═════ Input

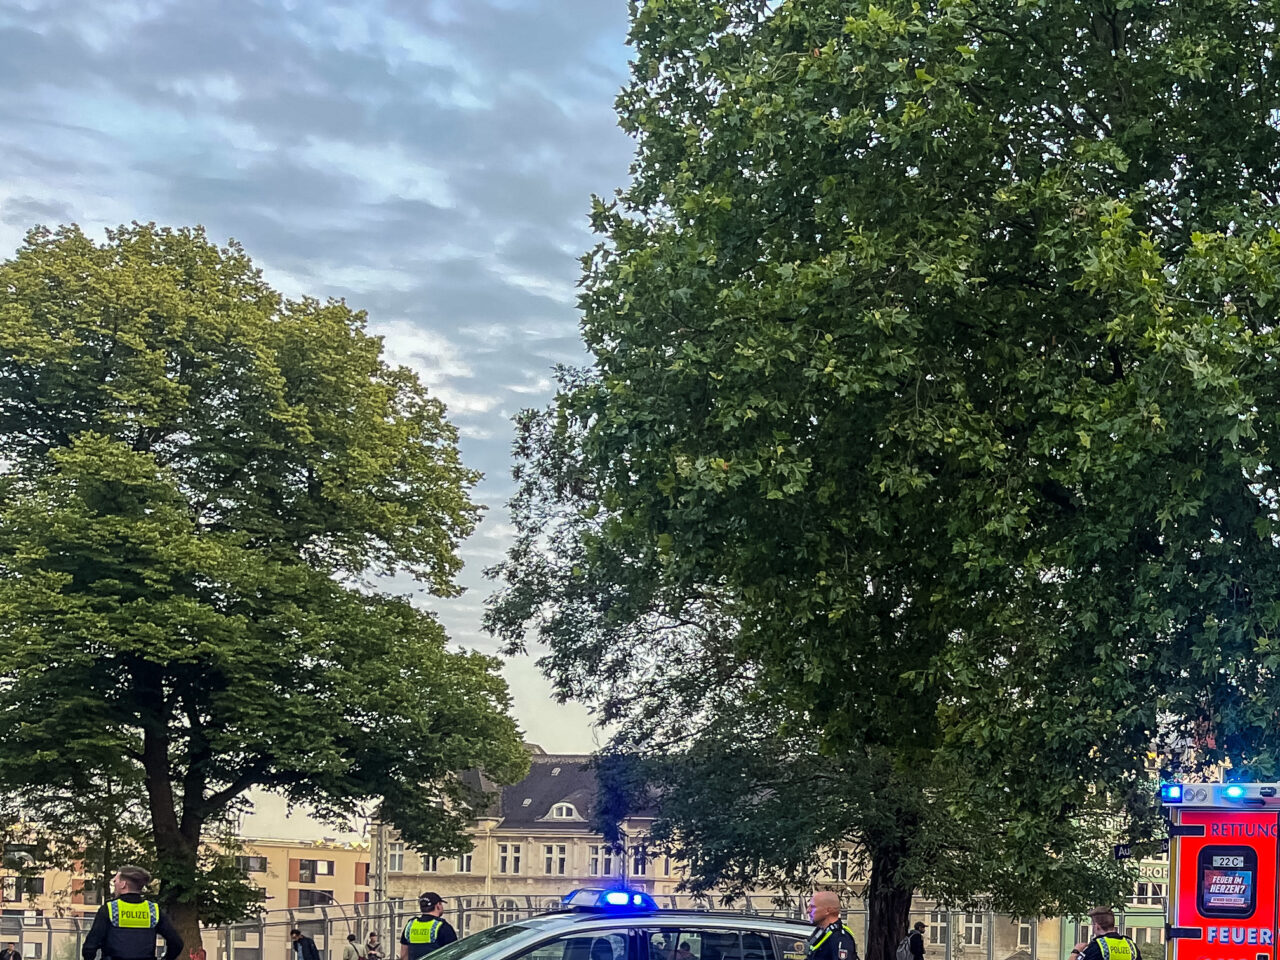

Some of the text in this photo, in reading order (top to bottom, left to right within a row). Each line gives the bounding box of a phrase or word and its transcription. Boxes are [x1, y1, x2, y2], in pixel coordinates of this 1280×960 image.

[1212, 876, 1243, 885] FEUER IM
[1209, 884, 1245, 894] HERZEN?
[121, 910, 149, 920] POLIZEI
[1110, 945, 1131, 955] POLIZEI
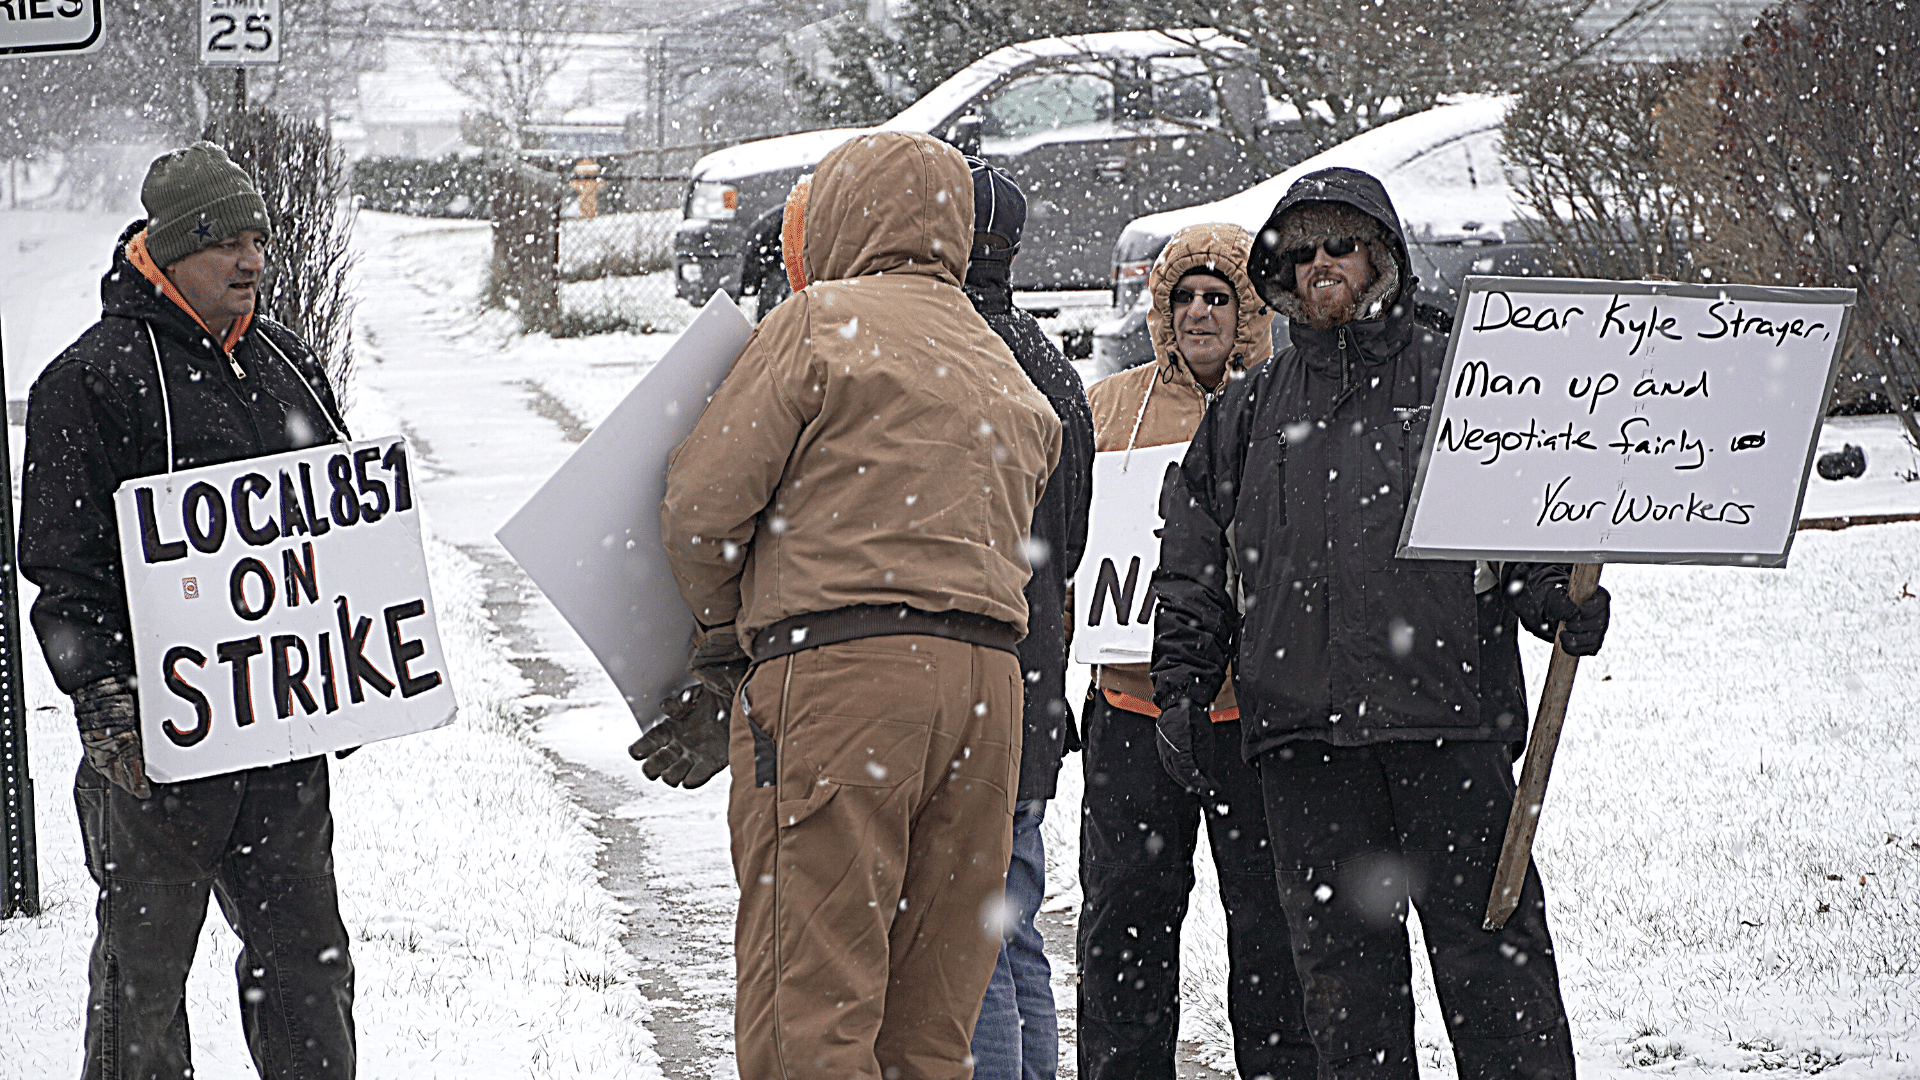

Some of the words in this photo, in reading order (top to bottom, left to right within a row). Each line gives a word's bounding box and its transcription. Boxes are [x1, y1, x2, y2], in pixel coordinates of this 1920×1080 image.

══════════

What the task requires:
Your answer must be an exact transcription of the records above, minus the pictures.

Task result:
Some of the text in this photo, in reading order (top to bottom, left to right within a row). Each line gives the bounding box of a phrase or word and its transcription. Boxes are [x1, y1, x2, y2], in pixel coordinates of this 1280×960 image.

[1212, 876, 1243, 885] FEUER IM
[1209, 884, 1245, 894] HERZEN?
[121, 910, 149, 920] POLIZEI
[1110, 945, 1131, 955] POLIZEI

Some of the words in this photo, in reading order (top to bottom, left to right within a row). Each line gives a word's bounding box and its transcription. Boxes are [x1, y1, x2, y2], in pixel coordinates of this 1920×1080 image.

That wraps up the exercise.